Estes é também o tempo das visões retrospetivas totais da obra ou de exposições antológicas que circunscrevem aspetos ou períodos localizados. Em 1999/2000, o Museu Reina Sofia e o CAM apresentam “Flashback” uma recolha de trabalhos de diferentes tempos que revisita algumas das suas obsessões mais recorrentes (o desejo, o feminino, o círculo afetivo, a arquitetura). Em 2002, Pedro Lapa traz ao Museu do Chiado os “Trabalhos dos Anos 70” lançando luz sobre o seu período inicial. Foi uma oportunidade de revelar de modo sistemático uma produção diversa da que lhe trouxe ventura crítica nos anos 80; mas significou também a possibilidade de os jovens artistas e críticos dos anos 90, que quiseram distanciar-se da arte da década anterior, se reconciliarem com a matriz conceptual da obra de Sarmento. Em 2018, também a sua obra em desenho, que estranhamente nunca havia sido mostrada em conjunto, é exibida na Fundação Carmona e Costa.

Mas é em Serralves, em 2012, que se mostra a sua maior retrospetiva de sempre numa exposição intitulada “Noites Brancas”, que reúne cerca de 160 obras e ocupa todos os espaços expositivos da casa e do Museu do Porto, numa impressionante manifestação da sua presença criativa e influência institucional.

Representado em algumas das mais importantes coleções do mundo (do Reina Sofia ao MOMA; do Guggenheim à Tate) e em todas as relevantes em Portugal, Sarmento haveria de mostrar no MAAT, em 2015, a sua coleção pessoal, numa viagem que define um círculo afetivo mas também o seu gosto pessoal.
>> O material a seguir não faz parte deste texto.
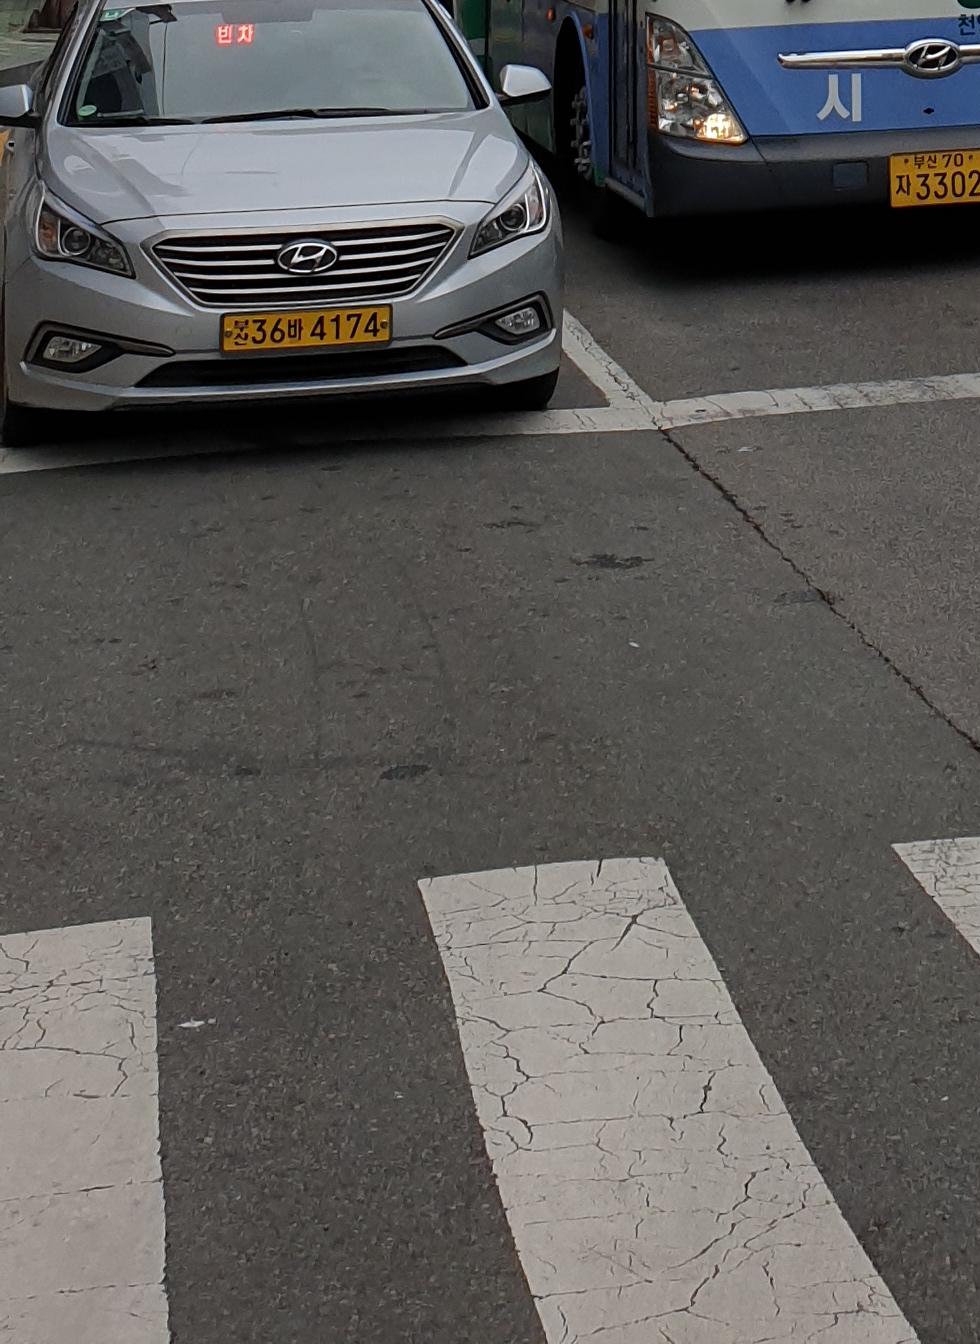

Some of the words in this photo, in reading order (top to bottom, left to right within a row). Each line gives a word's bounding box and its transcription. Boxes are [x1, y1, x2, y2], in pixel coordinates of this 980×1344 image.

[912, 155, 938, 170] 부산
[941, 152, 965, 168] 70
[309, 311, 381, 340] 4174
Publicado no ano passado, o seu último livro “Café Bissau”, com edição de André Príncipe e José Pedro Cortes, reúne fotografias tiradas entre 1964 e 2017. Como sempre, trata-se de revolver a memória, numa revisitação de lugares, pessoas e temperaturas, que funciona como uma cápsula de tempo. E também este último objeto nos devolve ao paradoxo essencial e produtivamente irresolúvel da sua obra. Com Sarmento, pudemos sempre contar com uma abertura camaleónica que o leva ao encontro de um novo interlocutor ou da exploração de um diferente veículo artístico, mas isso é sempre um meio de refazer a sua própria genealogia afetiva ou de reorganizar fantasmas antigos numa labiríntica cartografia do desejo.